§ **Problem requirements**:
Make an exact copy of all the entries, but do not reproduce the pictures.

[[ Task input, beginning ]]

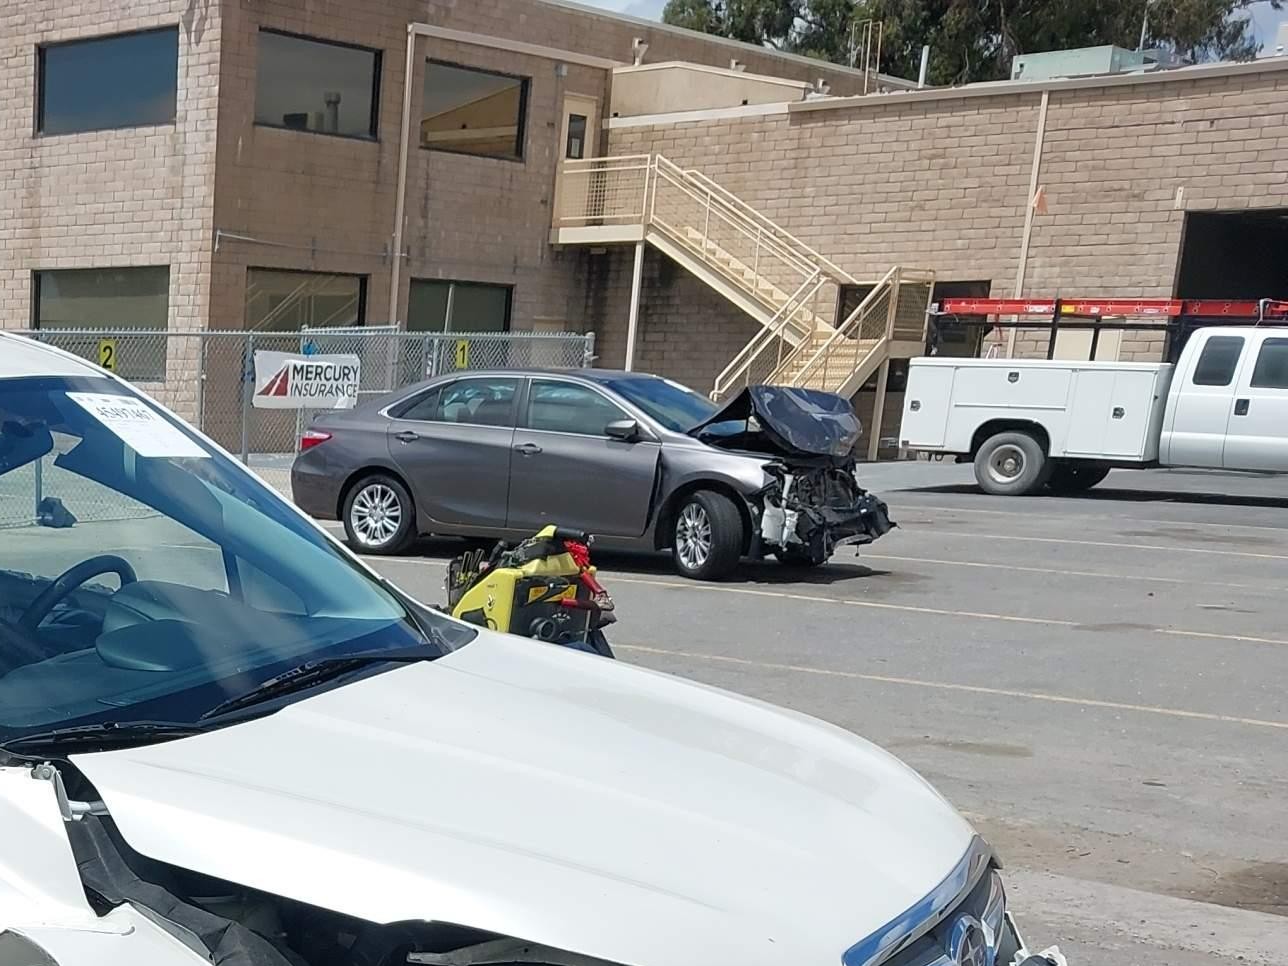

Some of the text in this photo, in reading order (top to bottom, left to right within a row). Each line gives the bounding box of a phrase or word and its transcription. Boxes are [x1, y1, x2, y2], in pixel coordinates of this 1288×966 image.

[102, 345, 113, 369] 2
[459, 344, 465, 364] 1
[292, 364, 359, 383] MERCURY
[290, 383, 357, 398] INSURANCE
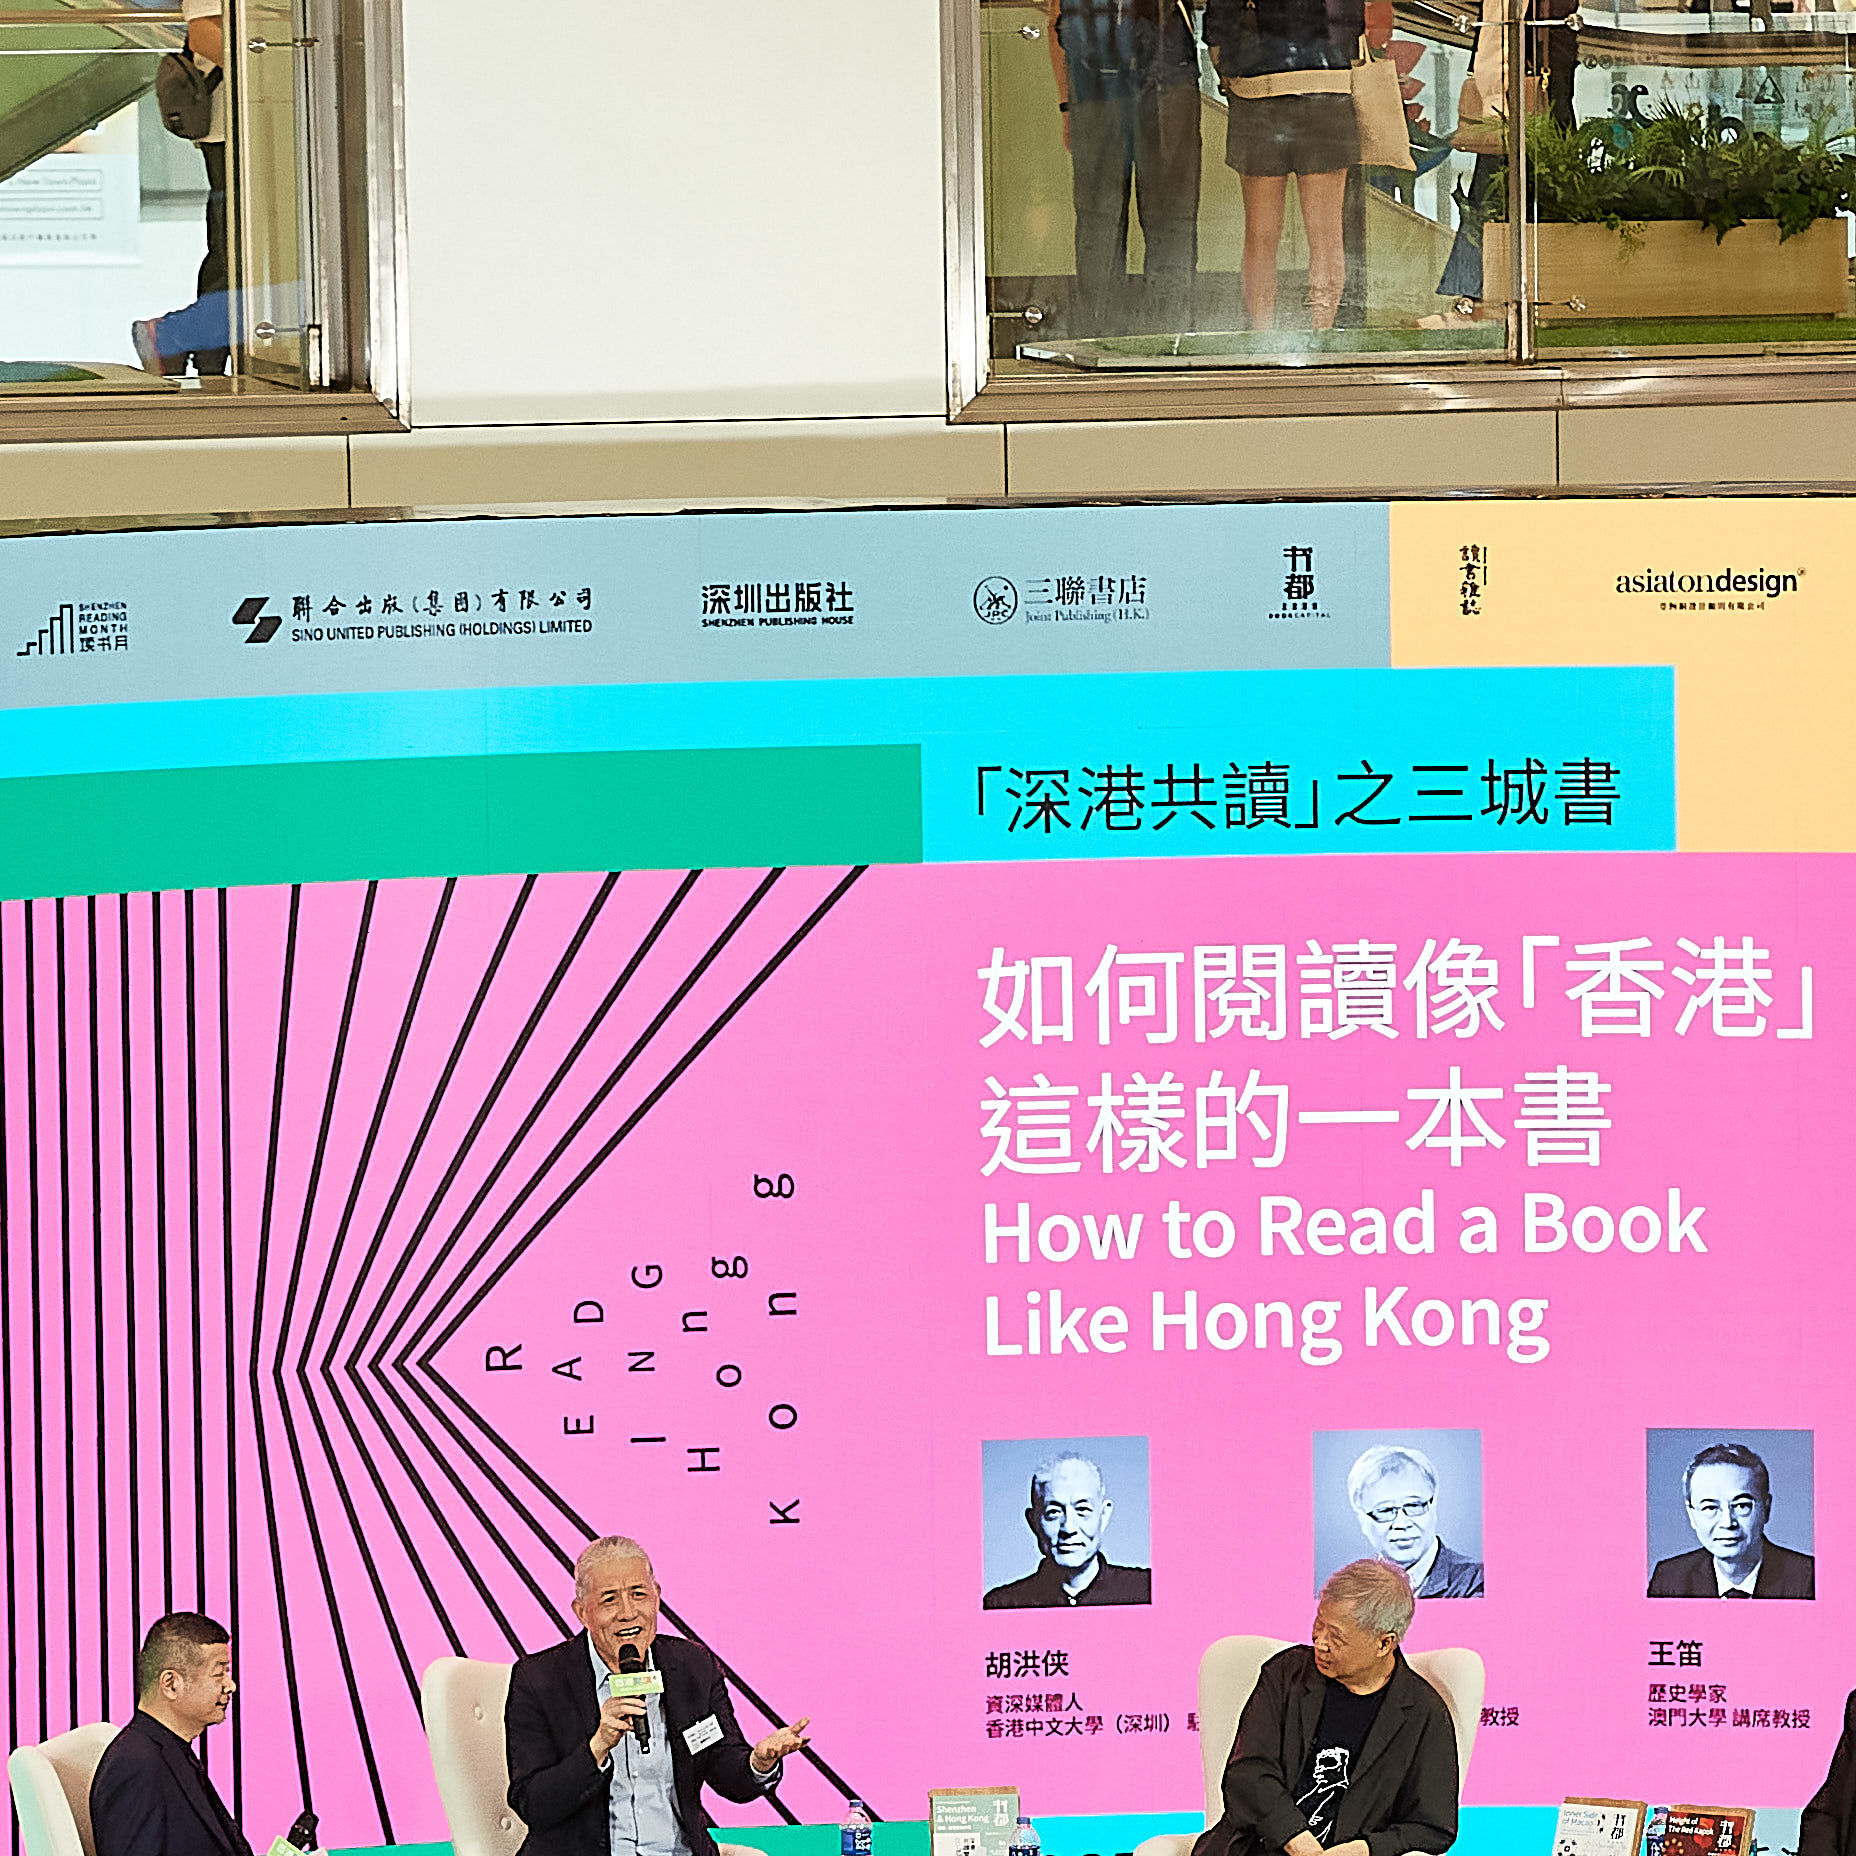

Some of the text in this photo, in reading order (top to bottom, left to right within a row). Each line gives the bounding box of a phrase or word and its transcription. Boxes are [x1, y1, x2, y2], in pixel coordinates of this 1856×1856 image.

[[ Task input, end ]]

§ **Expected answer**:
Some of the text in this photo, in reading order (top to bottom, left to right within a row). Each line gives the bounding box of a phrase or word and its transcription. Boxes are [x1, y1, x2, y2], in pixel coordinates of this 1288×966 image.

[102, 345, 113, 369] 2
[459, 344, 465, 364] 1
[292, 364, 359, 383] MERCURY
[290, 383, 357, 398] INSURANCE

Some of the text in this photo, in reading order (top to bottom, left to right within a row). Each line gives the bounding box of a phrase or word and its transcription. Boxes are [x1, y1, x2, y2], in pixel coordinates of this 1856×1856 image.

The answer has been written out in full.